Это на него подействовало. Голос его вдруг как-то поблек, стал почти извиняющимся:
– Да я и сегодня, как всегда, готов был бы облагодетельствовать все человечество, если мне хотя бы дали выспаться. Пять дней в неделю я ни свет ни заря вываливаюсь из кровати и выкатываюсь из дому – в такую рань только молочника на улице встретишь, – и вот в единственный за всю неделю день, когда мне даже не надо буксировать наших дармоедов в воскресную школу, я, по твоей милости, должен тащиться за тридцать миль, чтобы из меня выкачали всю кровь.
– Ну знаешь, – сказала Джоан, – не по моей же милости ты до двух часов ночи отплясывал твист с Марлен Бросман.
– Никакой твист мы не отплясывали. Мы чинно и благородно скользили под хиты сороковых. И между прочим, не думай, что я не видел, как ты любезничала с Гарри Саксоном в углу за роялем.
– Не за роялем, а на скамейке. Мы с ним просто разговаривали, потому что ему стало меня жалко. Всем было меня жалко. Ты мог бы дать кому-нибудь еще потанцевать с Марлен – хотя бы разок, ради приличия.
– Приличия, приличия! – фыркнул Ричард. – В этом ты вся.
– Но ведь правда, бедняги Мэтьюзы – так, кажется, их зовут – были просто шокированы.
– Мэтьесонс, – уточнил он. – О них вообще разговор особый. Придет же в голову приглашать таких придурков, в наше-то время! Когда я вижу, как дамочка кладет руку на жемчужное ожерелье и делает глубокий вдох, меня с души воротит. Можно подумать, у нее кусок в горле застрял.
– А по-моему, они очень приятная и приличная молодая пара. И бесишься ты оттого, что они своим присутствием заставляют нас увидеть, во что мы сами превратились.
– Если тебя так тянет к низкорослым толстячкам вроде Гарри Саксона, – сказал он, – чего же ты за такого замуж не вышла?
– Ну и ну, – не повышая голоса, произнесла Джоан и отвернулась от него к окну, машинально глядя на проплывающие мимо автозаправки. – Ты и в самом деле гнусен.
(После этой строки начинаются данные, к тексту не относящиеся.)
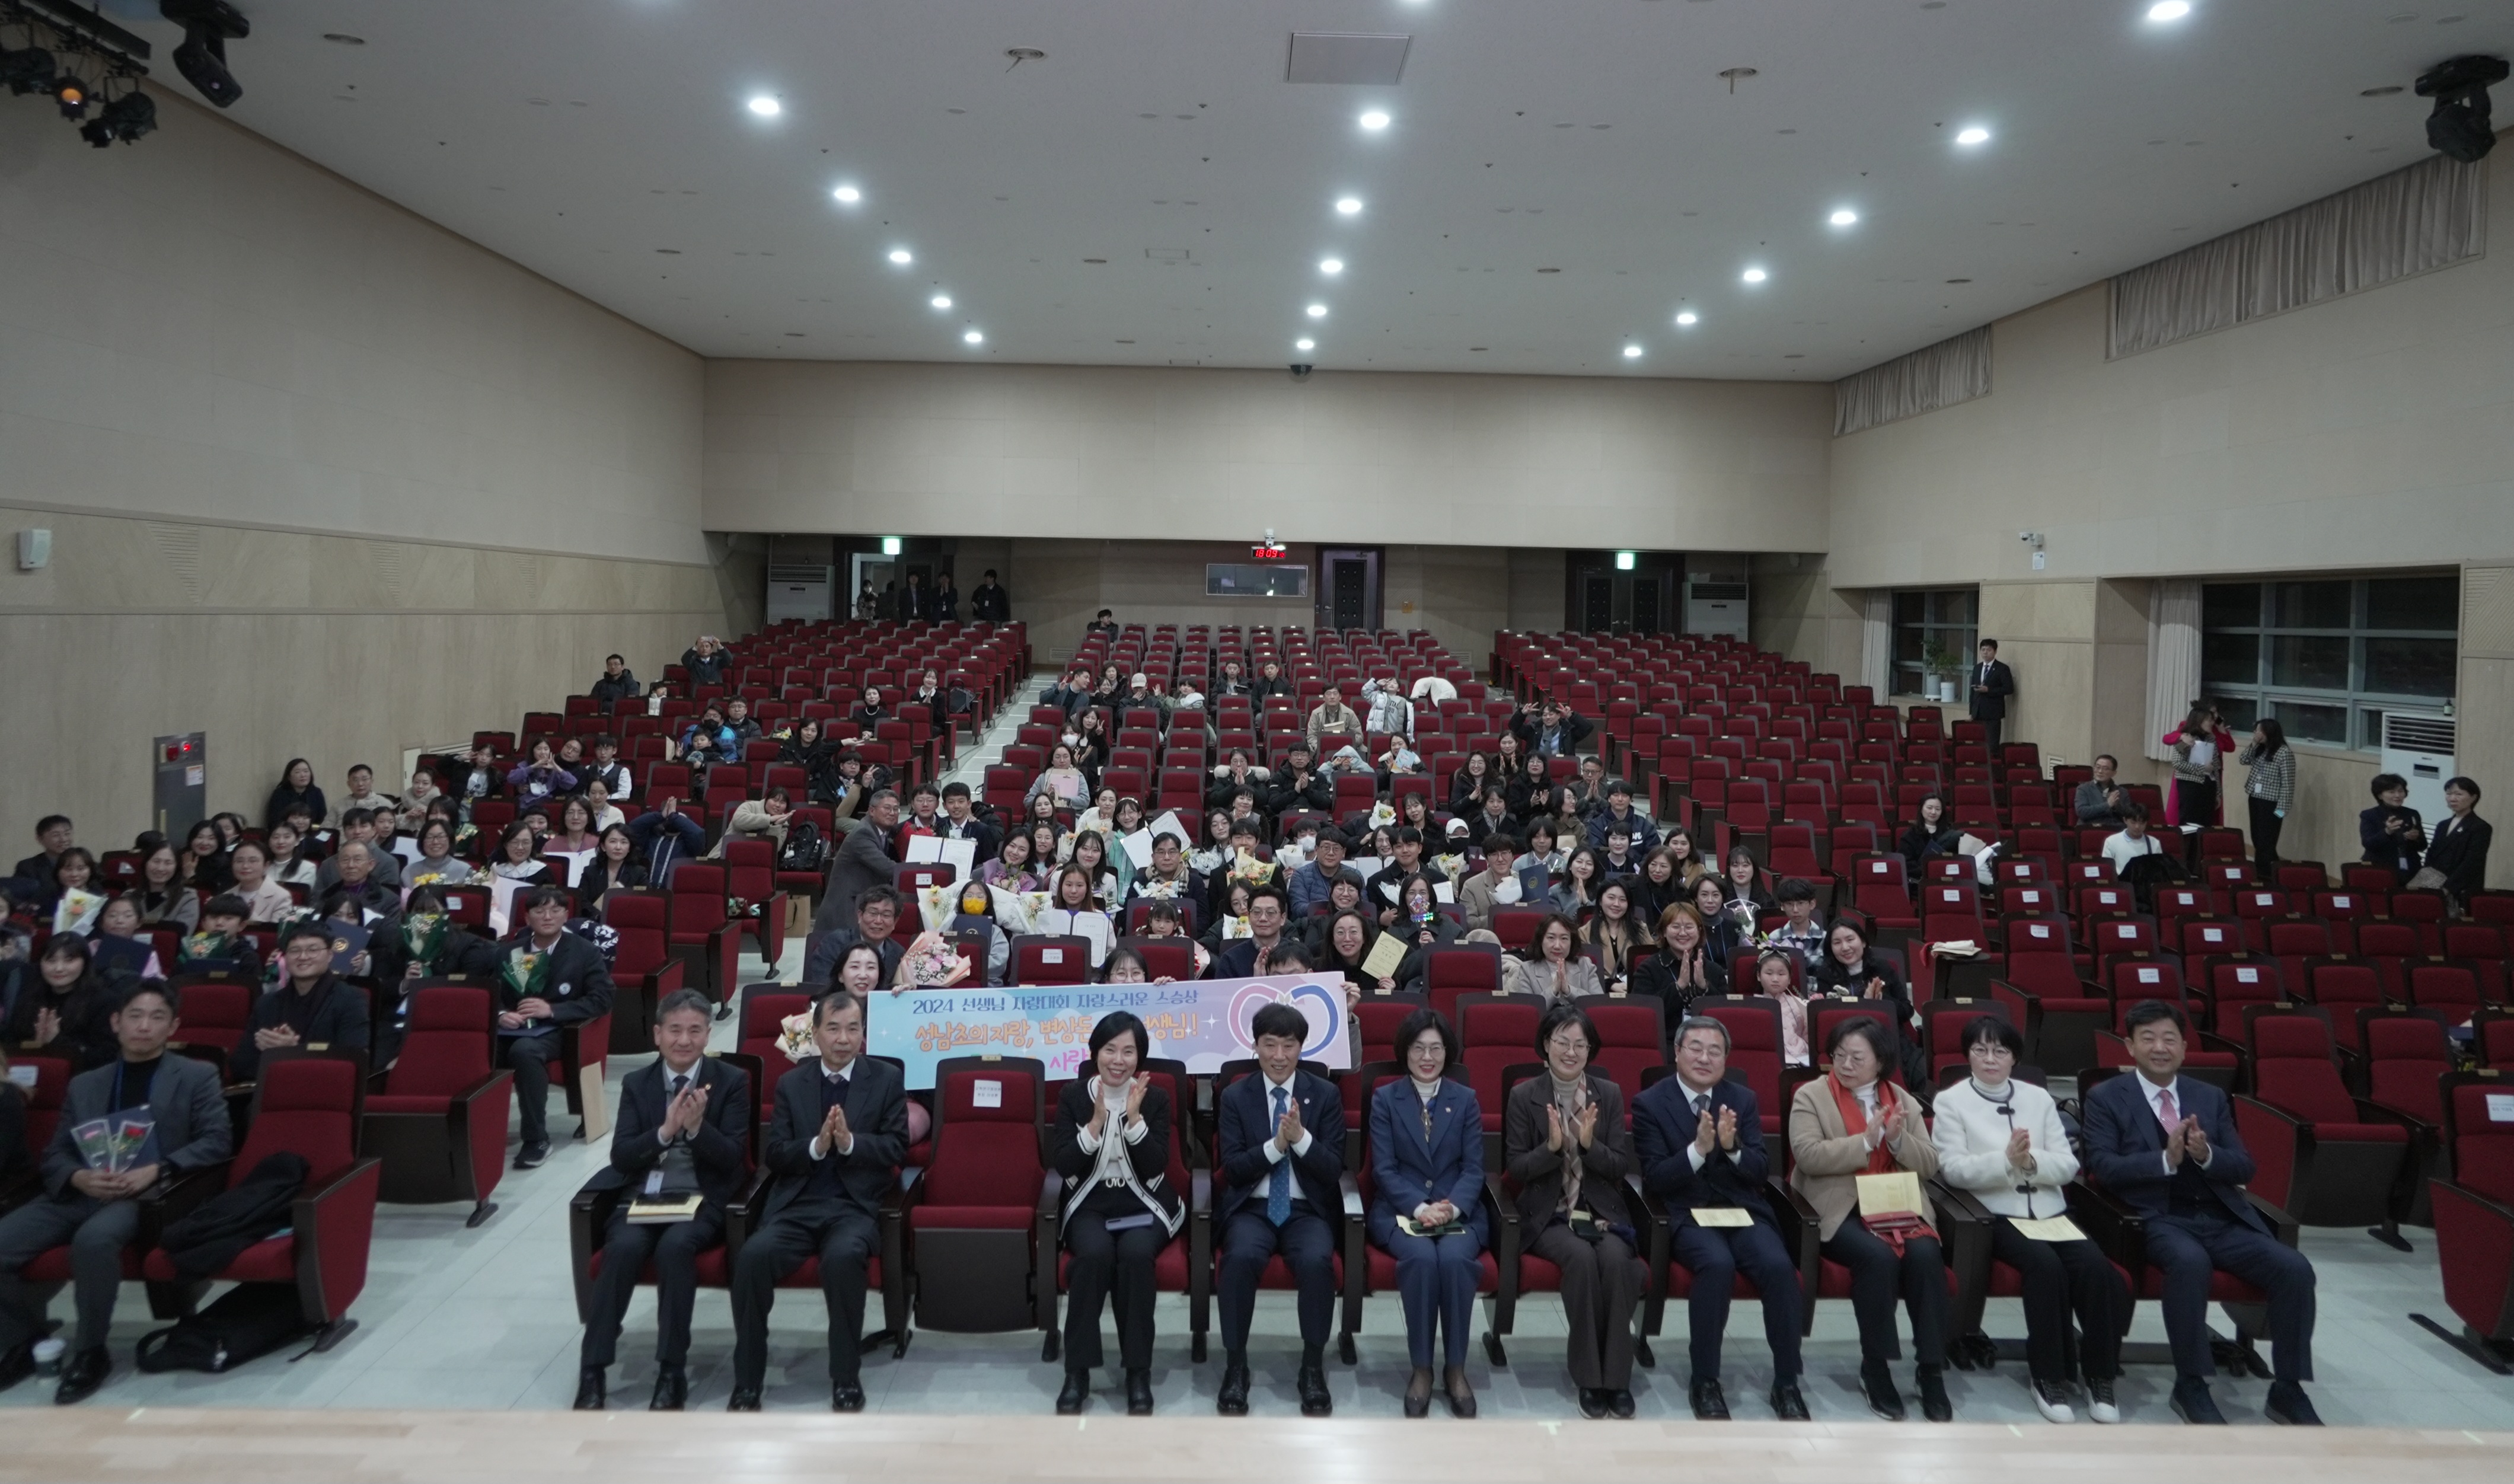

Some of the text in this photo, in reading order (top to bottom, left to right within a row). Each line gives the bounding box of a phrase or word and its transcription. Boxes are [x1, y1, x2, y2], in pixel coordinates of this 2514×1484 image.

Это не просто поза.
– Поза, приличия!.. Господи боже мой, для кого ты вечно устраиваешь свои спектакли? Если не для Гарри Саксона, значит, для Фредди Веттера, – да мало ли карликов! Вчера вечером как ни посмотрю в твою сторону – фу-ты, ну-ты, просто Царица Росы в кольце грибов!
– Какая бездарная чушь, – сказала она. Ее рука со следами тридцати с лишком прожитых лет – сухая, с зеленоватыми прожилками и красноватыми пятнами от разъедающих кожу моющих средств – затушила сигарету в пепельнице на передней панели. – Ты не изобретателен. Рассчитываешь представить дело так, будто у меня появился ухажер, чтобы самому сподручнее было вальсировать налево вместе с Марлен?
Она так четко разложила по полочкам его тайную стратегию, что он залился краской; он словно наяву почувствовал щекотание волос миссис Бросман, когда танцевал с ней щека к щеке и вдыхал духи у нее за ушком, весь во власти нежной интимности мгновения.
– Угадала, – признался он. – Но я ведь пекусь, чтобы ухажер подходил тебе по росту, – это ли не забота?
– Давай помолчим, – сказала она.
Его надежда, что правду удастся обратить в шутку, встретила холодный отпор. В разрешении отказано, лазеек не осталось.
– Самодовольство – в этом все дело, – объяснил он невозмутимым, ровным голосом, как будто речь шла о явлении, которое оба они обсуждали с научной объективностью. – Самодовольство – вот что в тебе действительно невыносимо. То, что ты глупа, меня не трогает. То, что ты бесполая, – с этим я научился жить. Но твое поразительное новоанглийское самодовольство… Допускаю, что это качество было даже необходимо нам в период, когда страна только создавалась, но сейчас, в наш век «всеобщего смятения», это попросту удручает.
Он то и дело поглядывал в ее сторону, и вдруг она повернулась и посмотрела на него, будто ее ударили, и при этом лицо ее было странно застывшим, словно его взяли и превратили в подцвеченный фарфор, не забыв даже про ресницы.